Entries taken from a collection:
"""

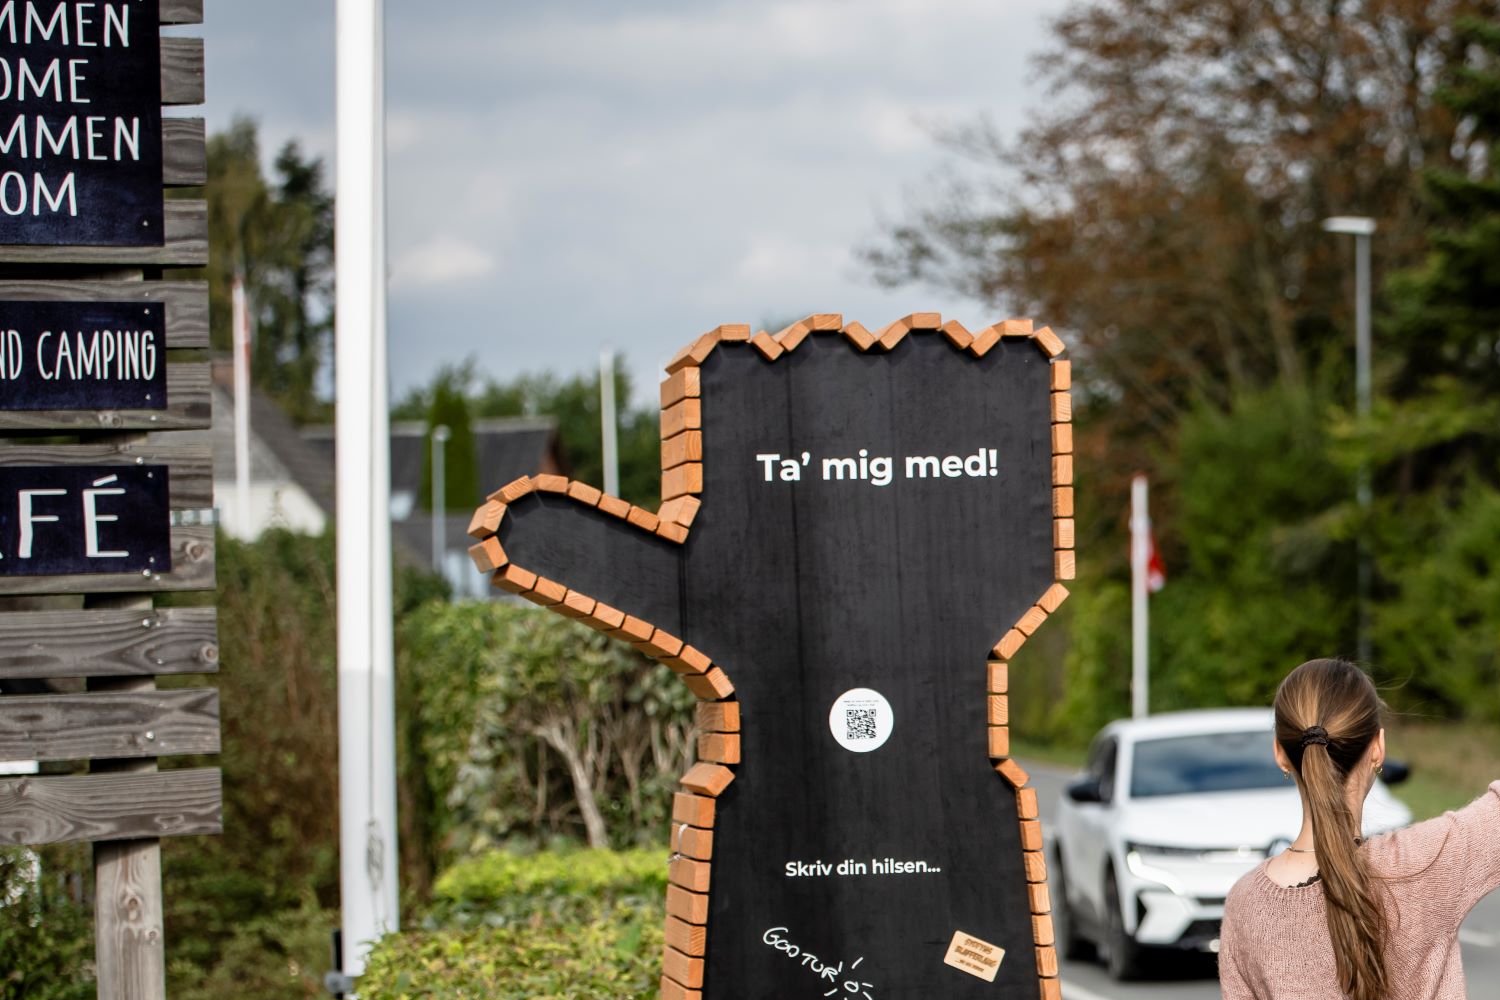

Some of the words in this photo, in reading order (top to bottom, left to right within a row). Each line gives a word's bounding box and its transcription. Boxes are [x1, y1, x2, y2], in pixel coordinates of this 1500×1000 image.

[37, 330, 156, 380] CAMPING
[822, 449, 893, 487] mig
[905, 447, 998, 478] med!
[0, 474, 129, 558] FÉ
[785, 860, 832, 876] Skriv
[836, 859, 867, 875] din
[871, 857, 941, 875] hilsen...
[763, 927, 800, 958] GOD
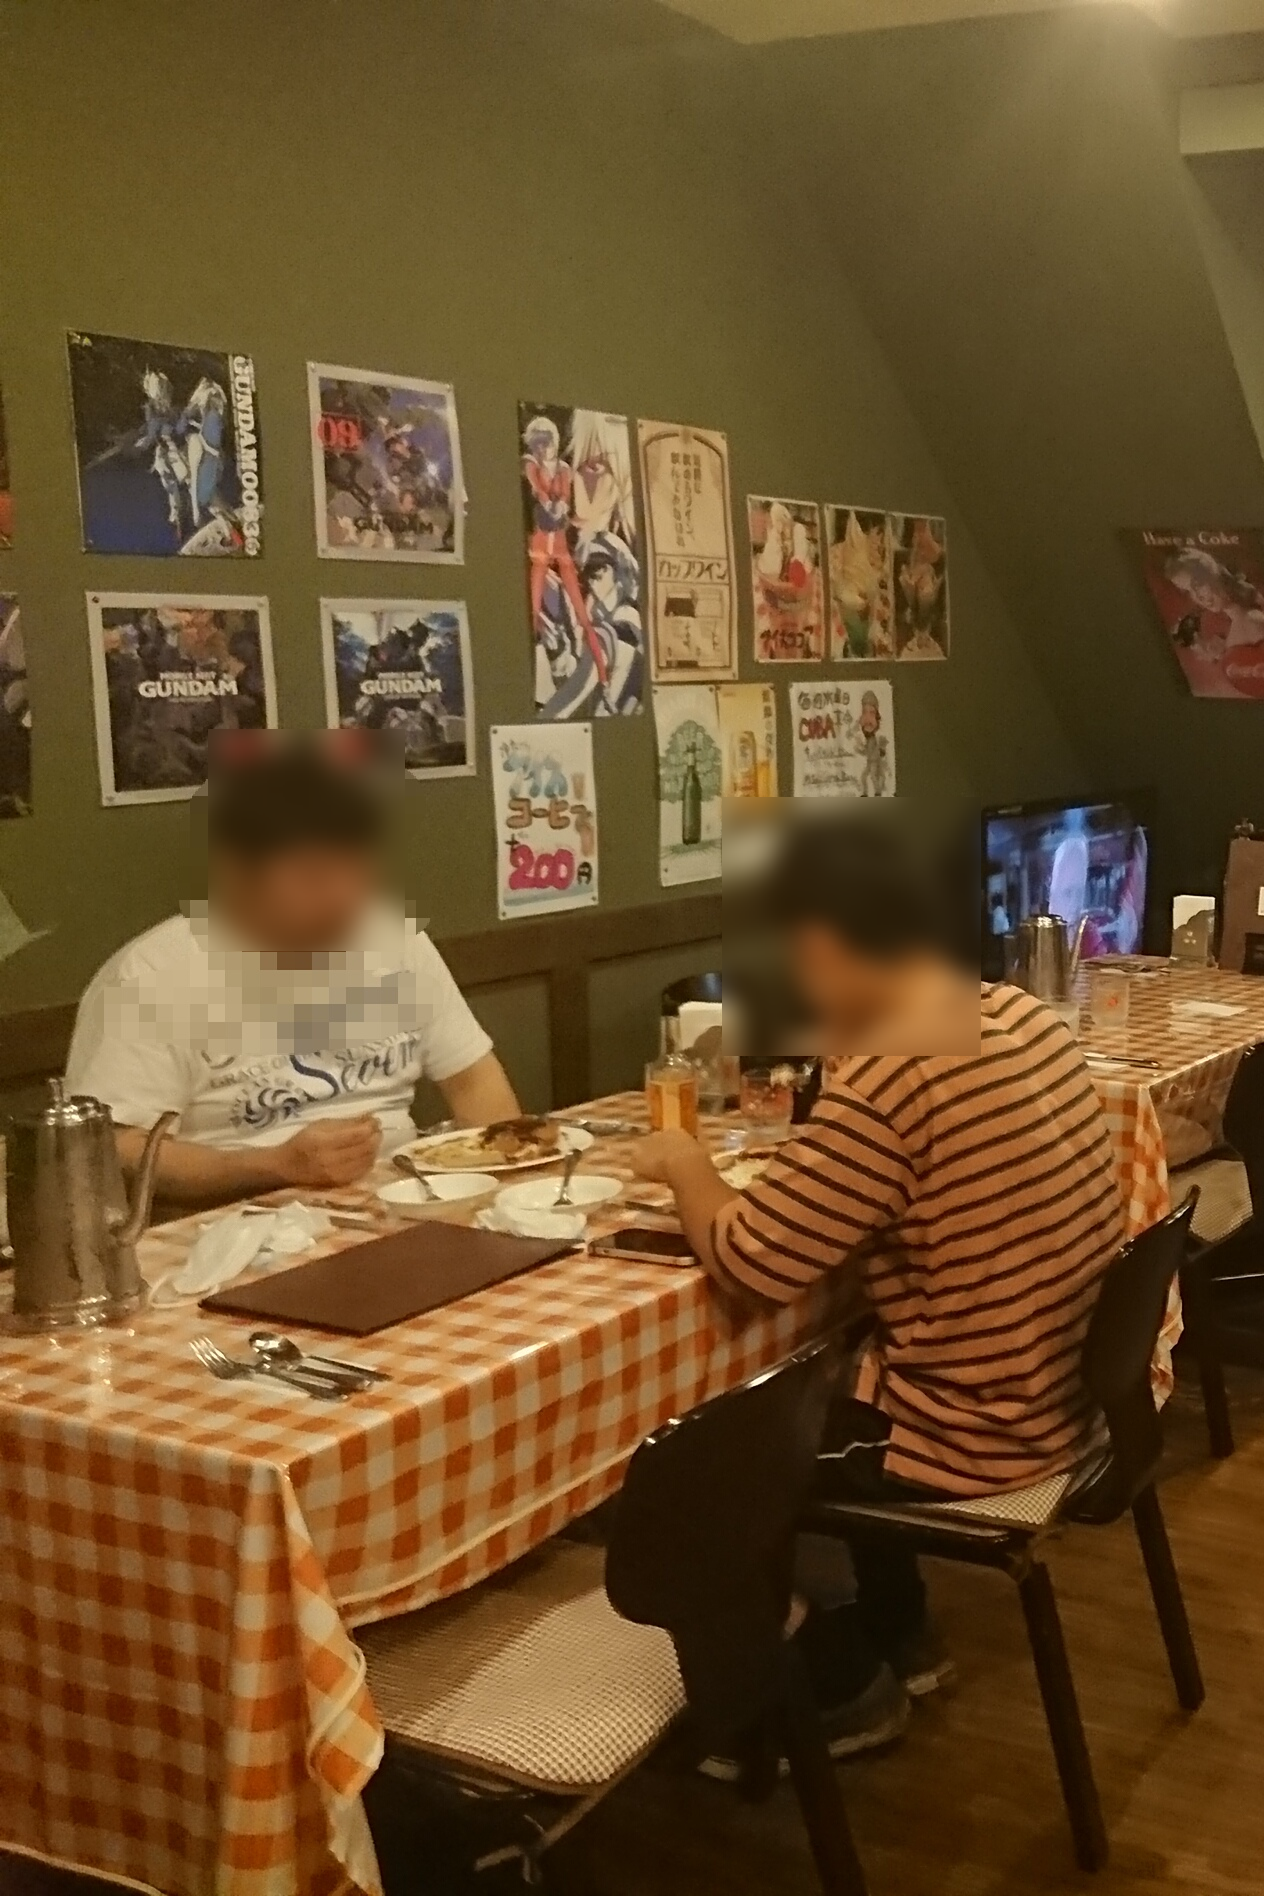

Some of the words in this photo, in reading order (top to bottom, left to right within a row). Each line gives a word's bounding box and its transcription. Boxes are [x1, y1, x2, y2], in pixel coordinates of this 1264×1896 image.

"""

> _Your objective_:
Your copy should hold all the data word for word. It should hold no pictures.

> _Answer area_:
Some of the words in this photo, in reading order (top to bottom, left to right within a row). Each line gives a word's bounding box and its transcription. Boxes are [x1, y1, x2, y2], in pixel coordinates of this 1500×1000 image.

[37, 330, 156, 380] CAMPING
[822, 449, 893, 487] mig
[905, 447, 998, 478] med!
[0, 474, 129, 558] FÉ
[785, 860, 832, 876] Skriv
[836, 859, 867, 875] din
[871, 857, 941, 875] hilsen...
[763, 927, 800, 958] GOD

Some of the words in this photo, in reading order (top to bottom, left to right within a row). Each line gives a word's bounding box and its transcription. Boxes are [x1, y1, x2, y2], in pixel coordinates of this 1264×1896 image.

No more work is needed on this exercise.